The fully burdened cost (salary plus fringe plus profit/fee) for a software developer in northern Virginia is a little over $300,000 (basically double the salary). For planning, assume 3 developers for $1M a year. This doesn’t include their management, contracts, legal, security, testing, etc. Government apps require lengthy approvals like for security and usability. Also they aren’t really “apps” like on your phone. They have connections to dozens of other services that all have to be designed and tested. They also need 24/7 support and they have to work all the time if they are mission critical. So a small “app” costs about $60M to develop and a big one is $500M and up.
OP, you probably gave the worst example of a client having an app made – the government.

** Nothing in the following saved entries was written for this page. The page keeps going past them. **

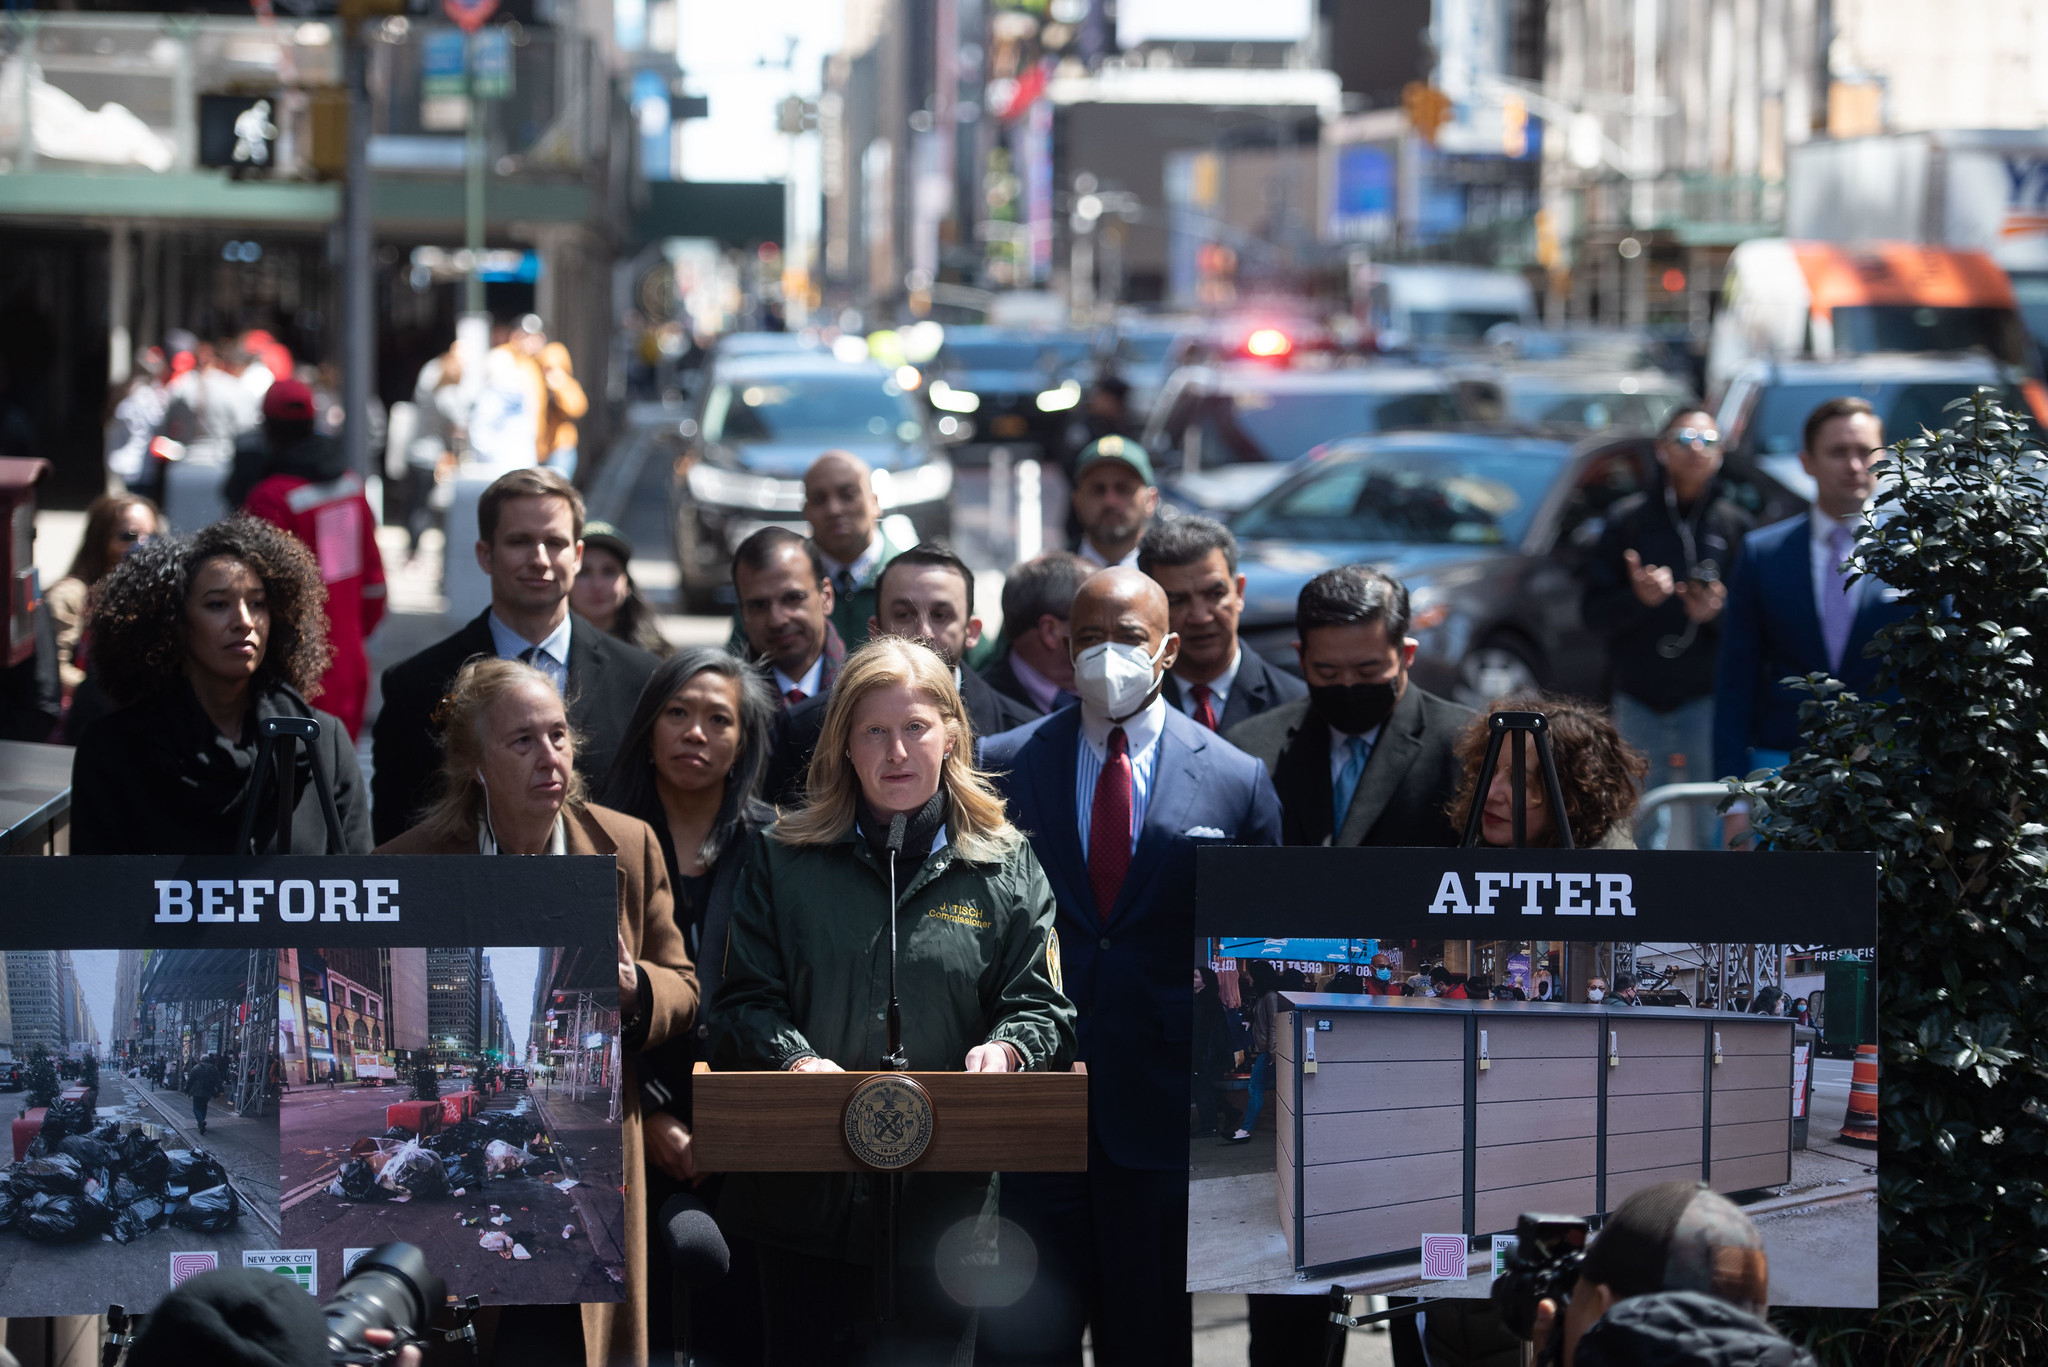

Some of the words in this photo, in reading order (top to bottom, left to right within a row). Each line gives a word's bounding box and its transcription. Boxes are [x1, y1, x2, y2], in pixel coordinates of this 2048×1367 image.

[154, 879, 400, 922] BEFORE
[1429, 872, 1636, 915] AFTER
[929, 909, 992, 928] Commissioner
[940, 902, 948, 912] J.
[953, 904, 983, 918] TISCH
[247, 1256, 266, 1264] NEW
[270, 1255, 291, 1263] YORK
[294, 1254, 312, 1262] CITY

Yes, you can make an app on the cheap cheap by DIY’ing it or doing it with a buddy. Or you can have a team/army of people working on it and it’ll cost a fortune.
But any time you introduce the government in to something, they’ll over-promise, over-spend, and under-perform. Every. Single. Time.
Apps can run the range from a button that turns on your phones flash light to complex things that integrate into multiple databases, and may need their own database set up. If you have a full time employee that makes $150,000 a year, you probably are paying at least $210,000 if not up to $250,000 in terms of payroll taxes, benefits, IT costs (having a phone line, email account, computer, etc), and other things. If you have a designer, developer, DBA, and an extra person working for a year, you’re already getting close to $1mil. If you bring in some consultants, run user test groups, or have to stand up some servers, etc. hitting $1mil is not that hard. If they factor in maintaining the app over the course of a couple years, the cost can go up further (yeah you might not need a full time staff the size you needed to roll it out but if you want the app to last 5 years you need to budget some people’s time for maintenance.
Worked on a project that was about $4mil. A large part of that is it was expected to last 10 years and we budgeted to have staff and equipment support it for a decade.